▶ _Work required_: Pictures are not part of the copy. Reproduce all the records exactly.

=== Begin Enclosure ===

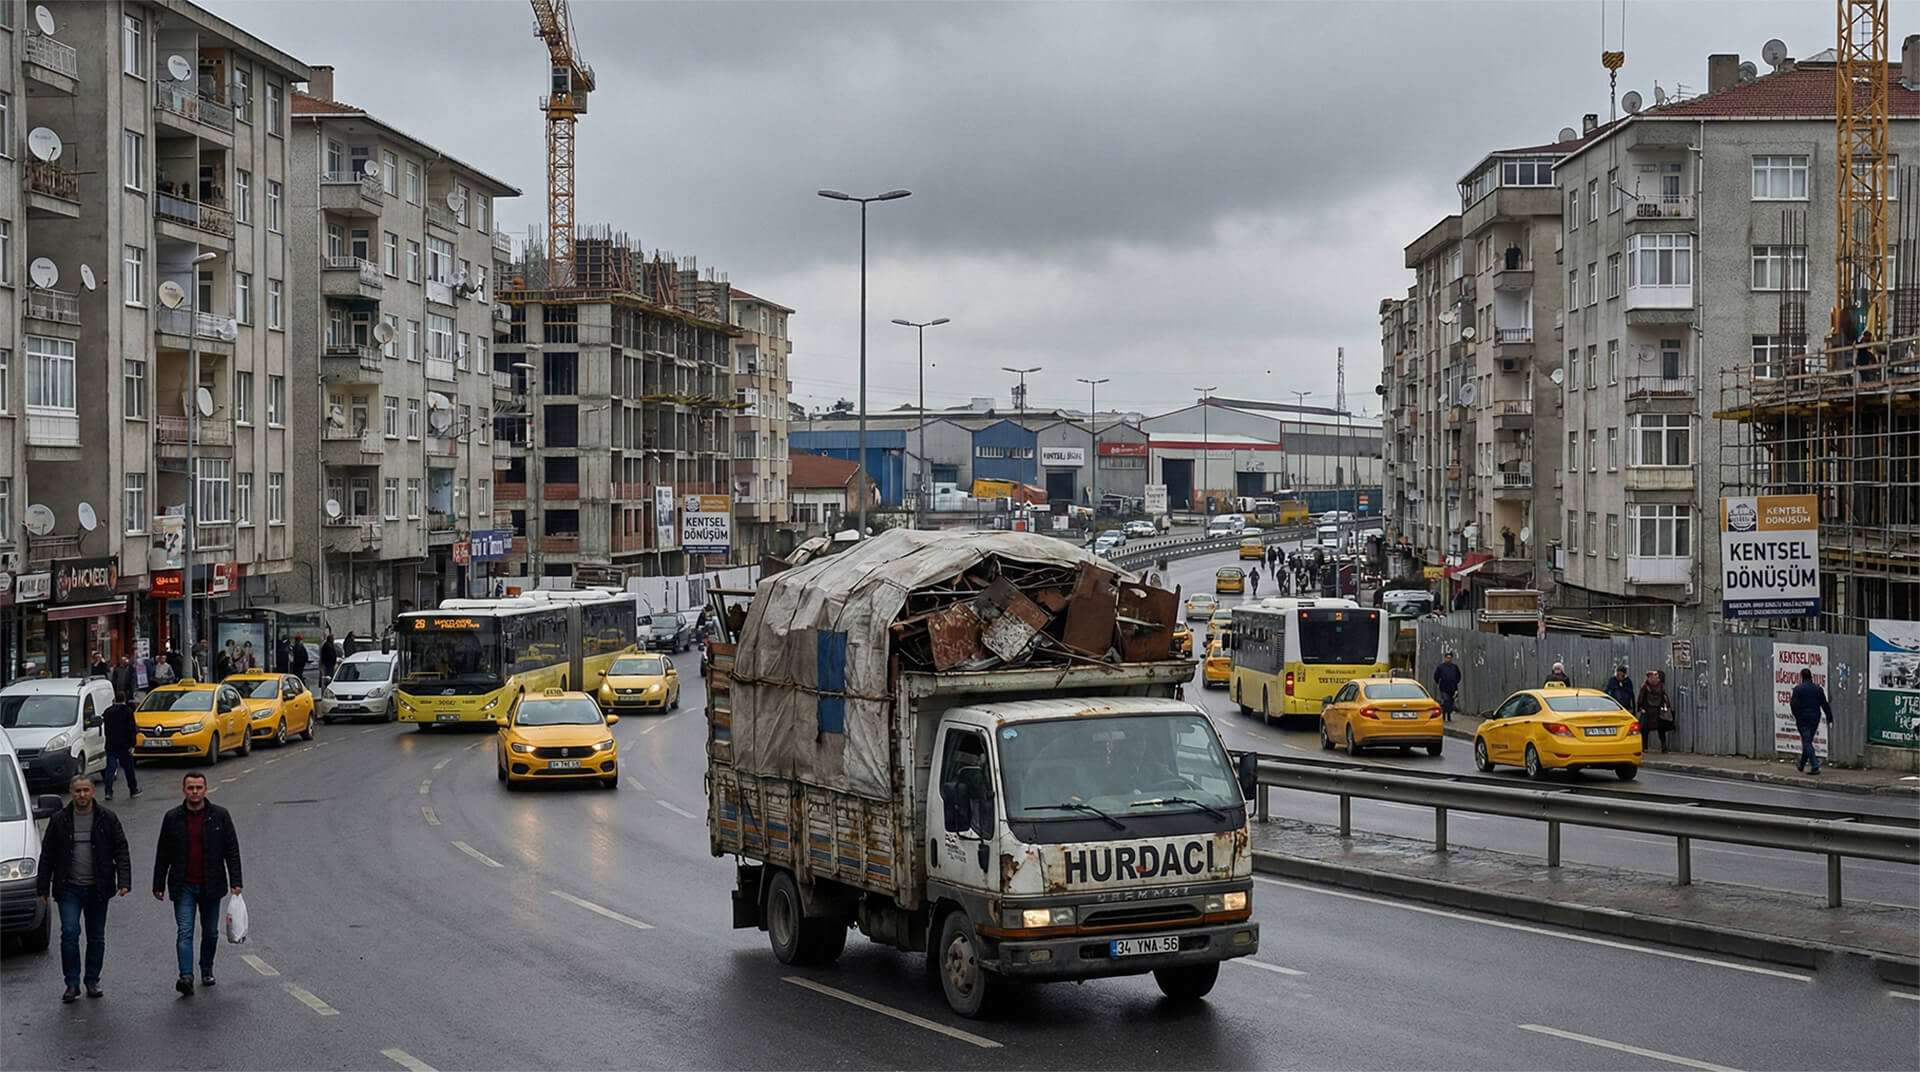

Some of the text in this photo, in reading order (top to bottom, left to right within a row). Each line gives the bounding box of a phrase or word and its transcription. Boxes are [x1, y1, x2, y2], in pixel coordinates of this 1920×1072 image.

[686, 517, 726, 527] KENTSEL
[684, 528, 728, 542] DÖNÜŞÜM
[1730, 541, 1811, 561] KENTSEL
[1727, 564, 1816, 592] DÖNÜŞÜM
[1064, 840, 1214, 884] HURDACI
[1117, 937, 1178, 955] 34 YNA 56

=== End Enclosure ===

▶ _Response to this task_:
Some of the text in this photo, in reading order (top to bottom, left to right within a row). Each line gives the bounding box of a phrase or word and its transcription. Boxes are [x1, y1, x2, y2], in pixel coordinates of this 1920×1072 image.

[686, 517, 726, 527] KENTSEL
[684, 528, 728, 542] DÖNÜŞÜM
[1730, 541, 1811, 561] KENTSEL
[1727, 564, 1816, 592] DÖNÜŞÜM
[1064, 840, 1214, 884] HURDACI
[1117, 937, 1178, 955] 34 YNA 56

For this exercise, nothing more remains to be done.